An exact copy of every entry is required, without the pictures.

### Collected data
#####
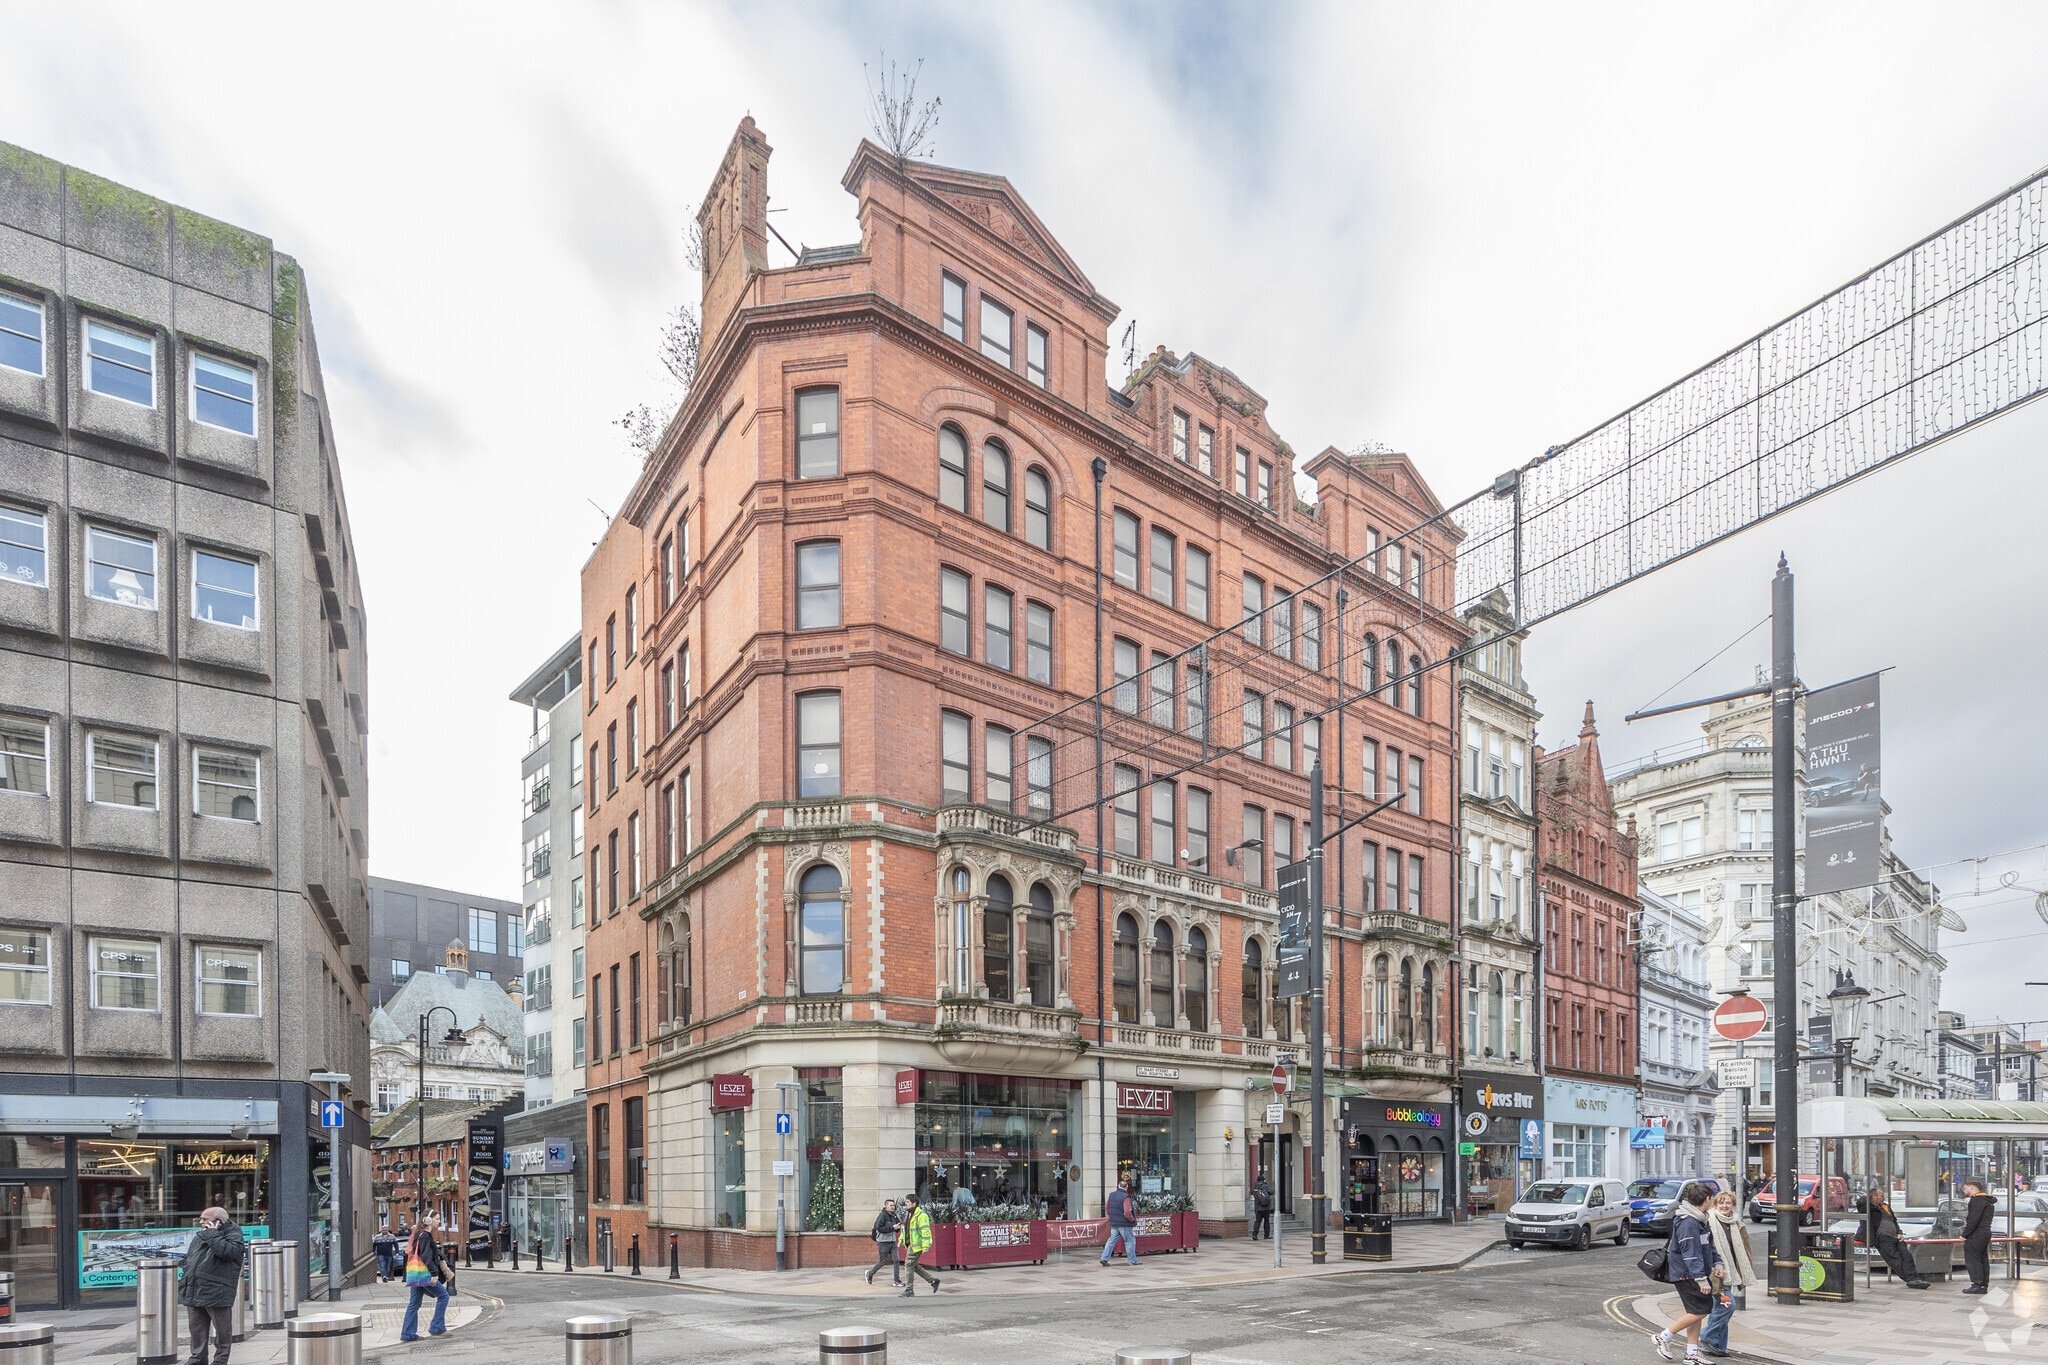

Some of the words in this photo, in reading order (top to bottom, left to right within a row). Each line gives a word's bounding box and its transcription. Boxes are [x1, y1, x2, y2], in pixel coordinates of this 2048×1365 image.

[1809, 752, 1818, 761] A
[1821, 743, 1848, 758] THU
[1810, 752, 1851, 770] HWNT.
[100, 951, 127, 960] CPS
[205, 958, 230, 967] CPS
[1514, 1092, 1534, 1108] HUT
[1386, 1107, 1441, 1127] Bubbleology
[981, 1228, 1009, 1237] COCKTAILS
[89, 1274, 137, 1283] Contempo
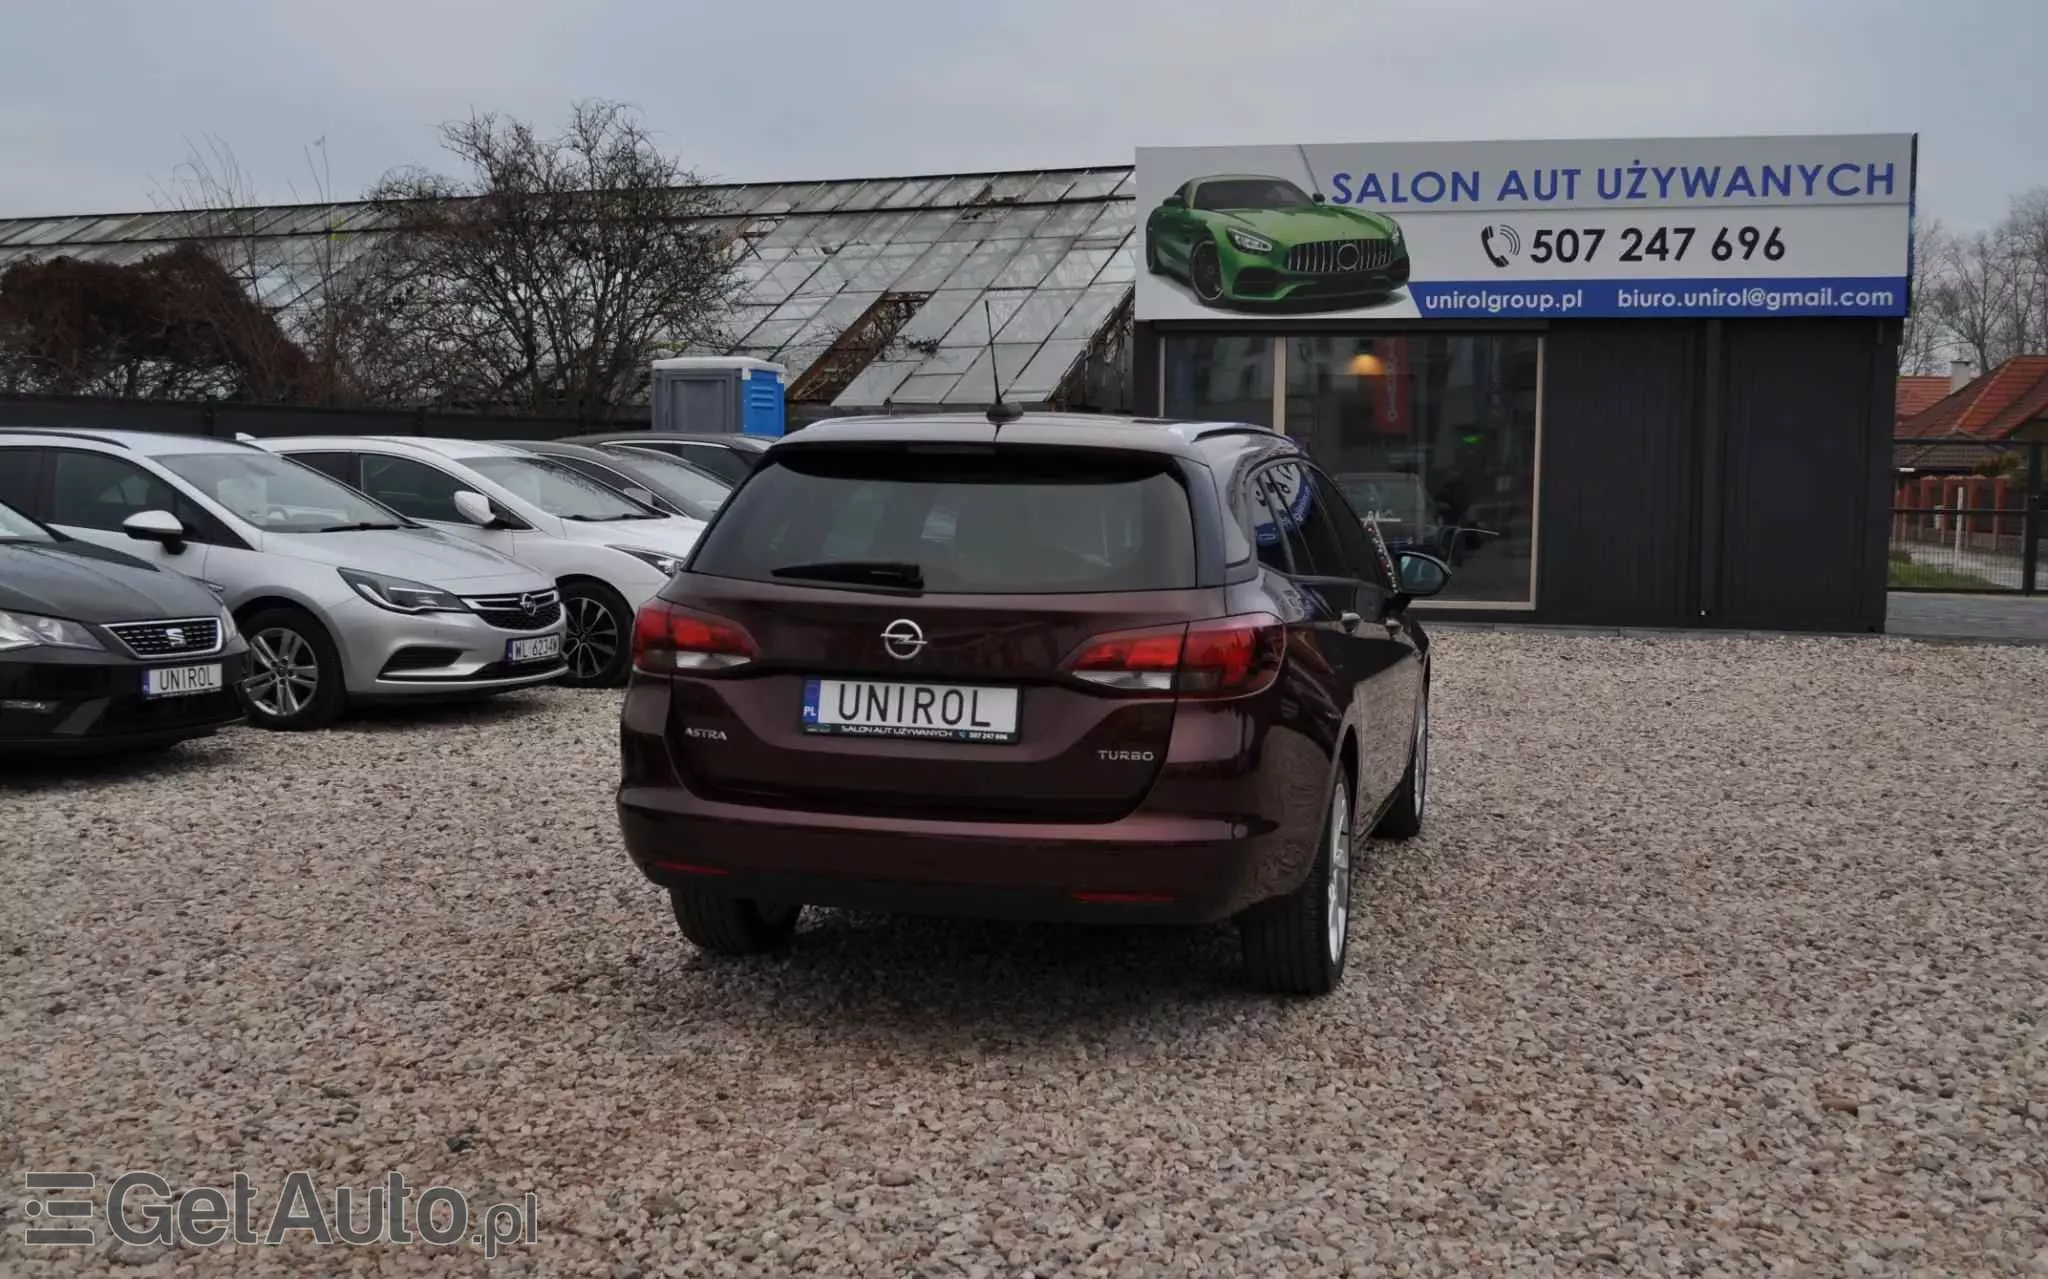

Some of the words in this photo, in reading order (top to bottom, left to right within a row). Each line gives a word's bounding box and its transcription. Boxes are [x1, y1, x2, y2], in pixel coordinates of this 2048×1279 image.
#####
### ANSWER SECTION
Some of the words in this photo, in reading order (top to bottom, left to right within a row). Each line gives a word's bounding box and its transcription. Boxes are [x1, y1, x2, y2], in pixel coordinates of this 2048×1365 image.

[1809, 752, 1818, 761] A
[1821, 743, 1848, 758] THU
[1810, 752, 1851, 770] HWNT.
[100, 951, 127, 960] CPS
[205, 958, 230, 967] CPS
[1514, 1092, 1534, 1108] HUT
[1386, 1107, 1441, 1127] Bubbleology
[981, 1228, 1009, 1237] COCKTAILS
[89, 1274, 137, 1283] Contempo

Some of the words in this photo, in reading order (top to bottom, left to right within a row). Each line gives a word's bounding box and its transcription. Boxes are [x1, y1, x2, y2], in pixel coordinates of this 2048×1279 image.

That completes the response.